Work order: Please restate exactly the lines of the data below, beginning with the line containing "this 1600×1200 image." and ending with the last line.

Materials provided:
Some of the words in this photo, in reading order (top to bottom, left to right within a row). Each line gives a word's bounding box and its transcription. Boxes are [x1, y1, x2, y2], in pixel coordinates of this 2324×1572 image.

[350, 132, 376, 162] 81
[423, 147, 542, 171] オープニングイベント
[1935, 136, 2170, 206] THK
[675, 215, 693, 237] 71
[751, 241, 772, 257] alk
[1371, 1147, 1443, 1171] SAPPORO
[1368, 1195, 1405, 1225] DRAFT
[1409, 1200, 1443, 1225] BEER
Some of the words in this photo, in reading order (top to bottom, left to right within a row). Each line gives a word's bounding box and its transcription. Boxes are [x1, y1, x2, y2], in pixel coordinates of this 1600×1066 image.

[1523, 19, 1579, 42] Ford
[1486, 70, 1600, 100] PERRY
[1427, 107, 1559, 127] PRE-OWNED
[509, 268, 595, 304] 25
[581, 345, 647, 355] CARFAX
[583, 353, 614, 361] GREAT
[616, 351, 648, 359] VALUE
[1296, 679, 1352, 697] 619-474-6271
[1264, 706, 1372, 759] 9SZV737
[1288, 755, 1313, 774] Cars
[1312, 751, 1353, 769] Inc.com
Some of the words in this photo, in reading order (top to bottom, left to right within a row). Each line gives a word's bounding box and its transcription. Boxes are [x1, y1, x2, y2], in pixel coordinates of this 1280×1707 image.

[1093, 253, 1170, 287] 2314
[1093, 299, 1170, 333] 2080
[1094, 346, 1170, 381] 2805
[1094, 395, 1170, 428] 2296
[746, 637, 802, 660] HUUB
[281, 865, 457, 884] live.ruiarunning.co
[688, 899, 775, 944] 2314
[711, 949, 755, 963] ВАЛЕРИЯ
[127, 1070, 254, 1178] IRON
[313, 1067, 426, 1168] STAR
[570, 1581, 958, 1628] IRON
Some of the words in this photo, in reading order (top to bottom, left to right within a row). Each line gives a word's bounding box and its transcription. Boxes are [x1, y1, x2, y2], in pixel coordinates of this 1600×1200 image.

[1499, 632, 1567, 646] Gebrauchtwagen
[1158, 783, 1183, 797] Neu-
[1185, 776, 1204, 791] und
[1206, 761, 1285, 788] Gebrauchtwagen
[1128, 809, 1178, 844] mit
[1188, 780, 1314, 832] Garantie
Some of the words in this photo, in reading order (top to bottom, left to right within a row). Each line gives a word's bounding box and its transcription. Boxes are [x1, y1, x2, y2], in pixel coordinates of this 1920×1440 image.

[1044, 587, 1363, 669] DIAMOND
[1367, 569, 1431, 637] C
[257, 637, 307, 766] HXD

Answer space:
Some of the words in this photo, in reading order (top to bottom, left to right within a row). Each line gives a word's bounding box and its transcription. Boxes are [x1, y1, x2, y2], in pixel coordinates of this 1600×1200 image.

[1499, 632, 1567, 646] Gebrauchtwagen
[1158, 783, 1183, 797] Neu-
[1185, 776, 1204, 791] und
[1206, 761, 1285, 788] Gebrauchtwagen
[1128, 809, 1178, 844] mit
[1188, 780, 1314, 832] Garantie
Some of the words in this photo, in reading order (top to bottom, left to right within a row). Each line gives a word's bounding box and its transcription. Boxes are [x1, y1, x2, y2], in pixel coordinates of this 1920×1440 image.

[1044, 587, 1363, 669] DIAMOND
[1367, 569, 1431, 637] C
[257, 637, 307, 766] HXD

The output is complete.